Our View: Local control for 210 people, but not for 5 million people

Secret San Francisco is an online guide to news, events, and things to do in the Bay Area. Their website has an "Escapes" section that dives into day trips and weekend excursions to the many cool places close to the Bay Area. They recently published an article about Amador City, the smallest of California's 482 cities.

Amador City was incorporated 108 years ago. It currently has barely more than 200 residents. All of those people have something 5 million Californians who live in unincorporated communities do not have: local control. The people of Amador City run their own affairs. They also have equal standing with the other cities in Amador County on various Joint Powers Authorities within Amador County that handle fire protection, solid waste, wastewater, transit, and recreation.

May contain: neighborhood, countryside, nature, outdoors, city, road, street, urban, rural, person, architecture, building, housing, car, transportation, and vehicle
Amador City is a cool little town, a municipality run by the people who live there.

God bless the good people of Amador City - they have a Mayor and a City Council to focus on local priorities.

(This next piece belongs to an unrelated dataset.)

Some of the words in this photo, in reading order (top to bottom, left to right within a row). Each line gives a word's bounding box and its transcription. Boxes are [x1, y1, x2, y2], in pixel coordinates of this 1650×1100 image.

We do not care that there are less residents there than there are in some of the smaller apartment complexes in several of our coalition's communities. What matters to us is that they are in charge of their community. And they have obviously done a good job at it.

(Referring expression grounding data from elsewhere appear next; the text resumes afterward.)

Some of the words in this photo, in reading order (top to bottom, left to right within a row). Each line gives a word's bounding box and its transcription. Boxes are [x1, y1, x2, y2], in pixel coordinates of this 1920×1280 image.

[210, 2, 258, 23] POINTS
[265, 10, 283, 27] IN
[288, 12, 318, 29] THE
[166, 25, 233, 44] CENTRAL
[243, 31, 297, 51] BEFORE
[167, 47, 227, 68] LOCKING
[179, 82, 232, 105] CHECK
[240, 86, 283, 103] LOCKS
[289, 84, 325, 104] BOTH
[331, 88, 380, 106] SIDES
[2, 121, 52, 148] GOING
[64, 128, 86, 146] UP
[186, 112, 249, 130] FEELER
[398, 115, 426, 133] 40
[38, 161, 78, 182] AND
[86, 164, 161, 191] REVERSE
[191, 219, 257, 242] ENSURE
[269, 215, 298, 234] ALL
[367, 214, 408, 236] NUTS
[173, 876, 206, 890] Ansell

Our concern is instead about why we Californians who live in urbanized unincorporated areas do not have the same rights and privileges as the citizens of Amador City (pop. 210). Or the residents of the other cities in Amador County: Ione (pop. 8772), Jackson (pop. 4938), Plymouth (pop.1062) and Sutter Creek (pop. 2590). Those places have democracy, something the state of California in its great wisdom continues to deny for our places. Amador City has 1 local elected official for every 42 residents. The citizens there have fabulous listening behavior from their municipal government - stuff gets done. Our unincorporated communities are relatively small parts of 1 County Supervisor's constituency. Our citizens are routinely ignored by their municipal government. Our communities often have to put up hissy fits to get any attention, with the usual result being ongoing disregard by the Powers That Be. Our citizens want an end to Taxation without Representation. Why does the state of California make it so hard, so tedious and so expensive for our communities to incorporate, to gain local control?